> Exercise requirements
Please restate the records below word for word, leaving out every picture.

> Dataset records
========================================

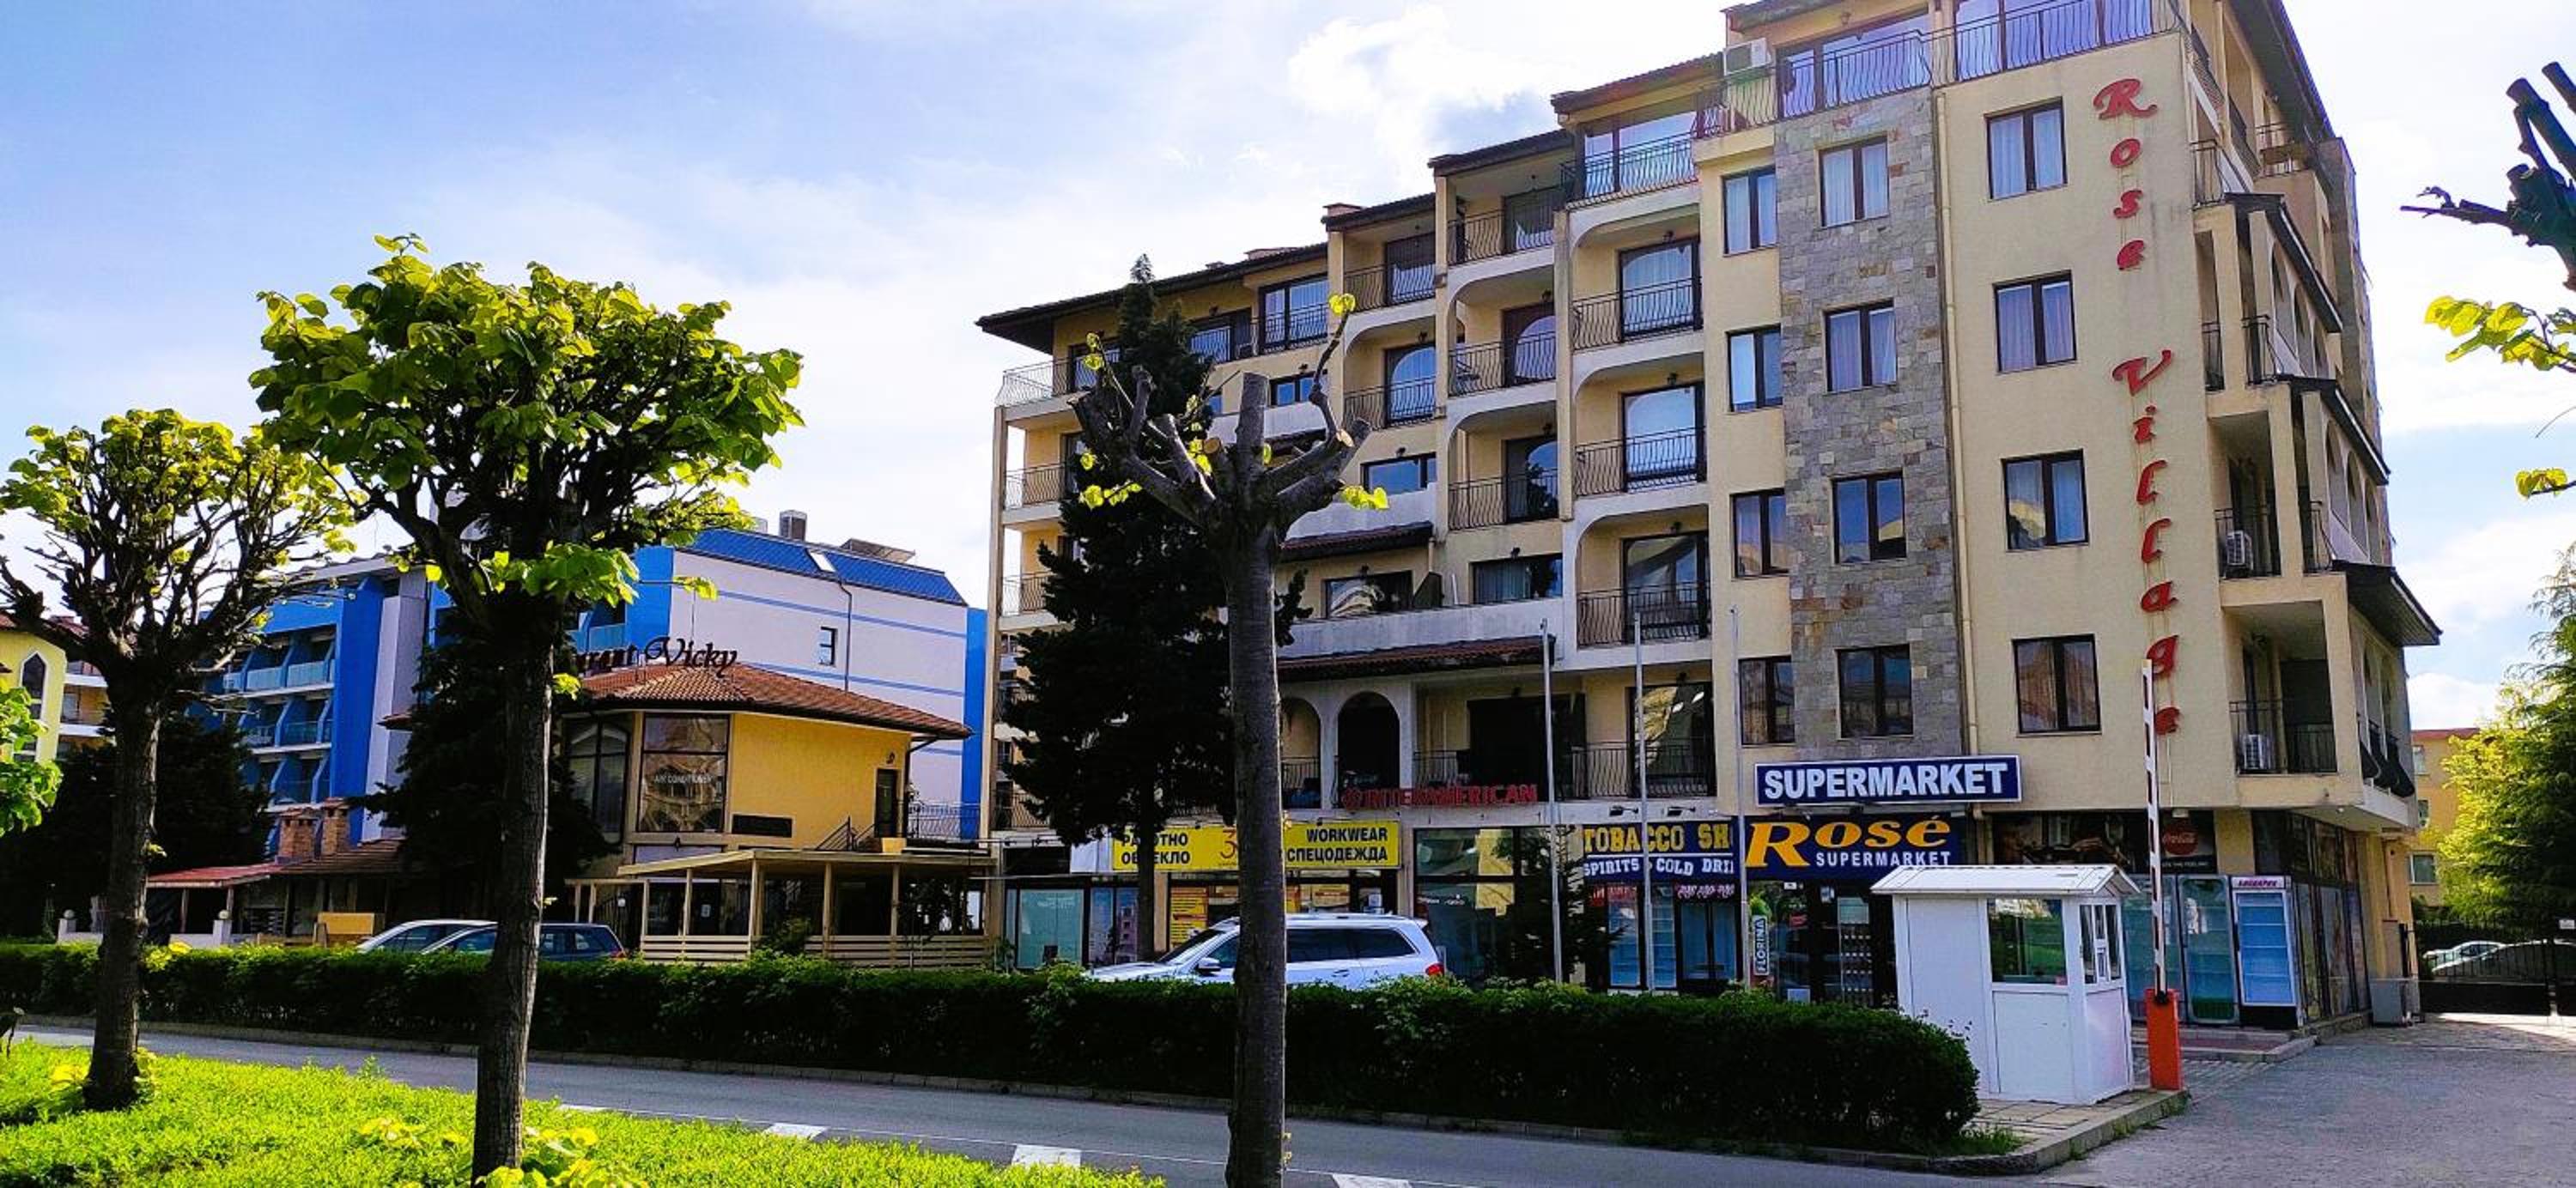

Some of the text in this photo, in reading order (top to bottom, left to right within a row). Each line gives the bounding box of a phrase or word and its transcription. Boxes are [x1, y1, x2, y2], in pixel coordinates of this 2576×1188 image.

[2093, 77, 2181, 736] Rose Village
[644, 635, 738, 678] Vicky
[1764, 762, 2008, 800] SUPERMARKET
[1121, 832, 1188, 847] РАОТНО
[1306, 827, 1388, 842] WORKWEAR
[1583, 823, 1732, 853] TOBACCO SH
[1744, 814, 1952, 869] Rosé
[1121, 849, 1191, 865] ОБЕКЛО
[1287, 846, 1388, 864] СПЕЦОДЕЖДА
[1584, 858, 1735, 876] SPIRITS COLD DRI
[1815, 851, 1952, 868] SUPERMARKET
[1755, 918, 1767, 972] FLORINA

========================================

> Answer box
Some of the text in this photo, in reading order (top to bottom, left to right within a row). Each line gives the bounding box of a phrase or word and its transcription. Boxes are [x1, y1, x2, y2], in pixel coordinates of this 2576×1188 image.

[2093, 77, 2181, 736] Rose Village
[644, 635, 738, 678] Vicky
[1764, 762, 2008, 800] SUPERMARKET
[1121, 832, 1188, 847] РАОТНО
[1306, 827, 1388, 842] WORKWEAR
[1583, 823, 1732, 853] TOBACCO SH
[1744, 814, 1952, 869] Rosé
[1121, 849, 1191, 865] ОБЕКЛО
[1287, 846, 1388, 864] СПЕЦОДЕЖДА
[1584, 858, 1735, 876] SPIRITS COLD DRI
[1815, 851, 1952, 868] SUPERMARKET
[1755, 918, 1767, 972] FLORINA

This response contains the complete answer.